Fehlentwicklungen in der Gymnastizierung, Aus- und Fortbildung des Pferdes verursacht der Mensch. Vermeintliche charakterliche Mängel des Pferdes gehen oft auf falsche Behandlung des Pferdes zurück und dürfen zwar als Erklärung, aber nicht als Entschuldigung für das Scheitern einer Beziehung zwischen Mensch und Pferd herangezogen werden.
Probleme in der Ausbildung werden in der Regel weniger durch angeborene Mängel verursacht als durch fehlerhafte Einwirkung des Reiters.


Die Nutzung des Pferdes im Leistungs- sowie im allgemeinen reit-, Fahr- und Voltigiersport muss sich an seiner Veranlagung, seinem Leistungsvermögen und seiner Leistungsbereitschaft orientieren. Die Beeinflussung des Leistungsvermögens durch medikamentöse sowie nicht pferdegerechte Einwirkung des Menschen ist abzulehnen und muss geahndet werden.

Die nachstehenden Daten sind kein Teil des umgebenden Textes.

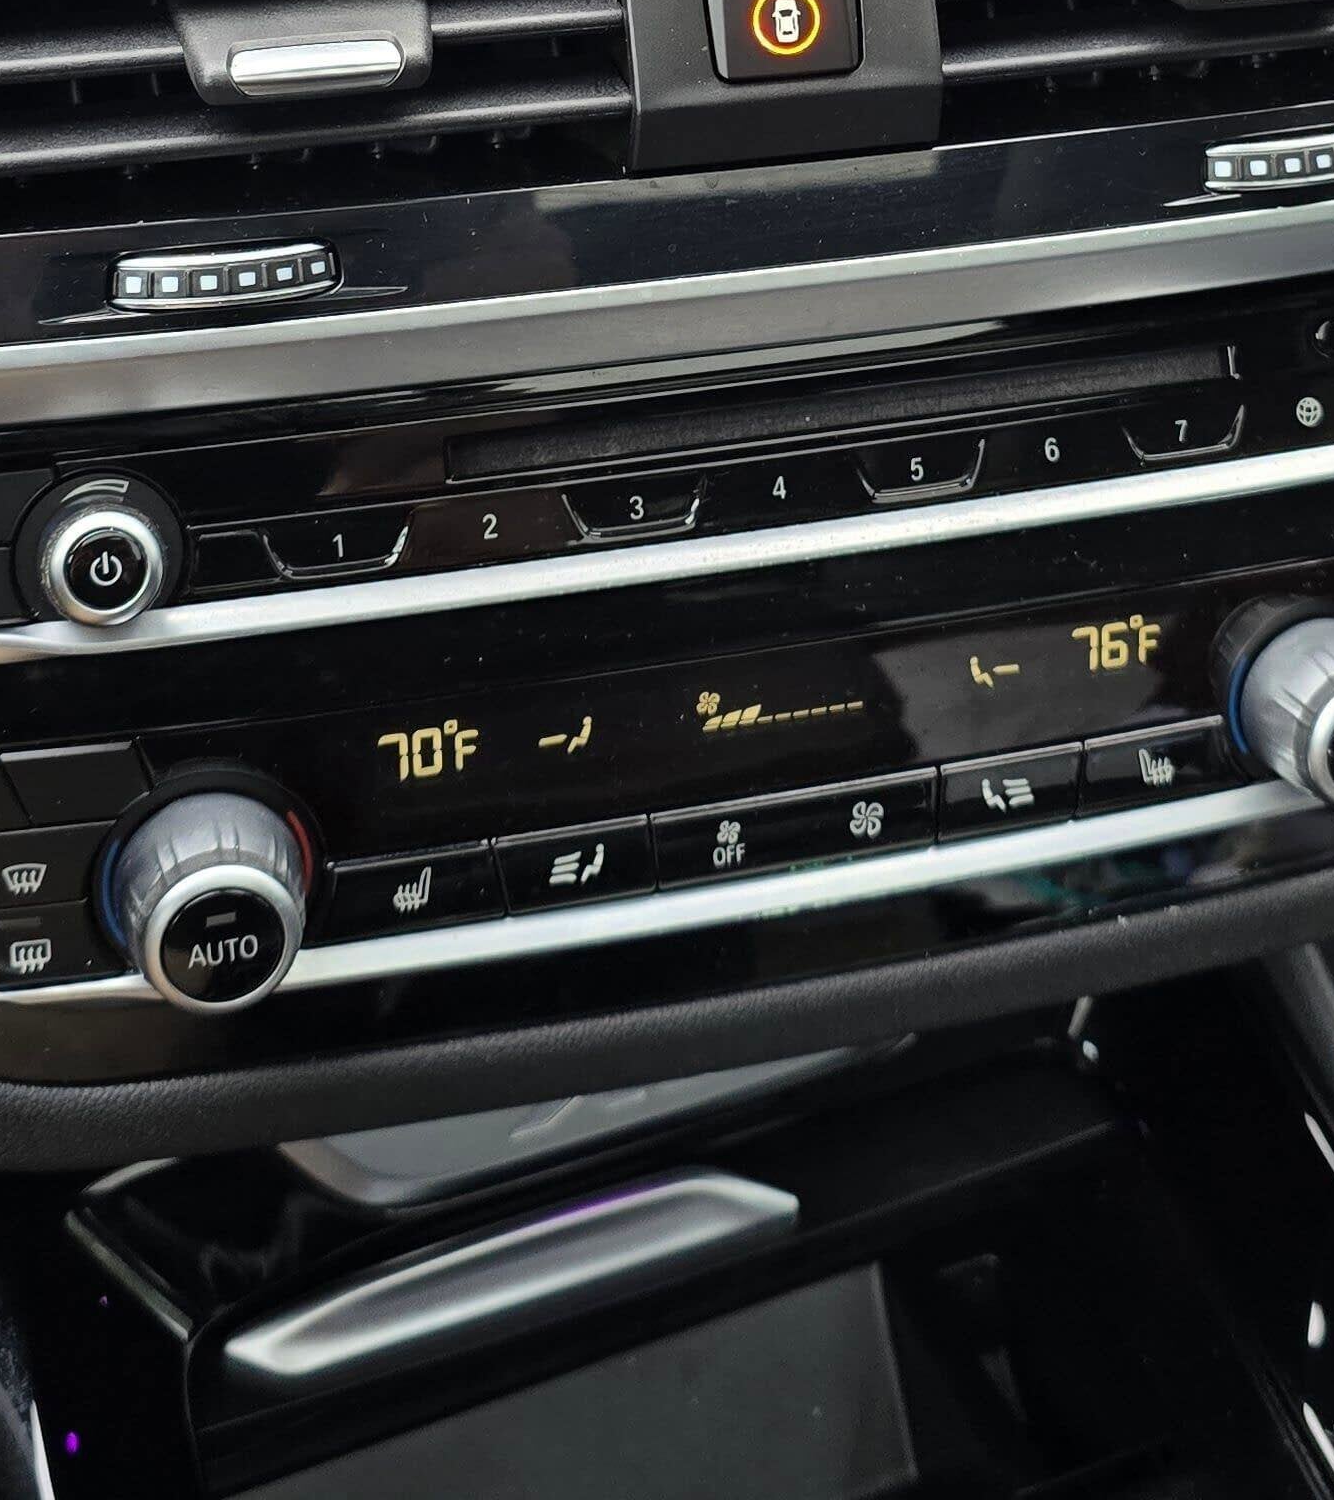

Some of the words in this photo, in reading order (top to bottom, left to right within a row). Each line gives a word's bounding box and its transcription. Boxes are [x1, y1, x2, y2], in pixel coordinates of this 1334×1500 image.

Orientierung an Veranlagung, Leistungsvermögen und Leistungsbereitschaft
Voraussetzung für alle sportliche Nutzung und deren Grenzen muss die erwiesene Eignung des Pferdes für den jeweiligen Zweck sein. Von einem Pferd Leistungen zu verlangen, die es nicht erbringen kann, widerspricht ethischem Bewusstsein und ist tierschutzwidrig.
Zu den häufigsten missbräuchlichen Leistungsmanipulationen zählt die medikamentöse Beeinflussung, insbesondere das Doping. Während in Sportarten ohne den Partner Pferd Doping zunächst als Betrug des Sportlers an seinem Gegner und am Publikum geurteilt wird, ist Doping im Pferdesport vorrangig ein Verstoß gegen die Normen des Tierschutzes.


Die Verantwortung des Menschen für das ihm anvertraute Pferd erstreckt sich auch auf das Lebensende des Pferdes. Dieser Verantwortung muss der Mensch stets im Sinne des Pferdes gerecht werden.

Verantwortung für das Lebensende
Am Ende einer Beziehung zwischen Mensch und Pferde beweist sich das Verantwortungsbewusstsein gegenüber dem Lebewesen Pferd. In der Abwägung zwischen Leid und Leben muss der Mensch auch diese letzte Entscheidung übernehmen.
Hat der Pferdebesitzer sich zur Tötung seines Pferdes entschlossen, ist er oder eine Person seines Vertrauens verpflichtet, den Verbleib des Pferdes bis zum Tode zu überwachen. Hierbei sind Transportumstände und die Art der Tötung so zu wählen, dass ein unnötiges Leiden des Pferdes vermieden wird.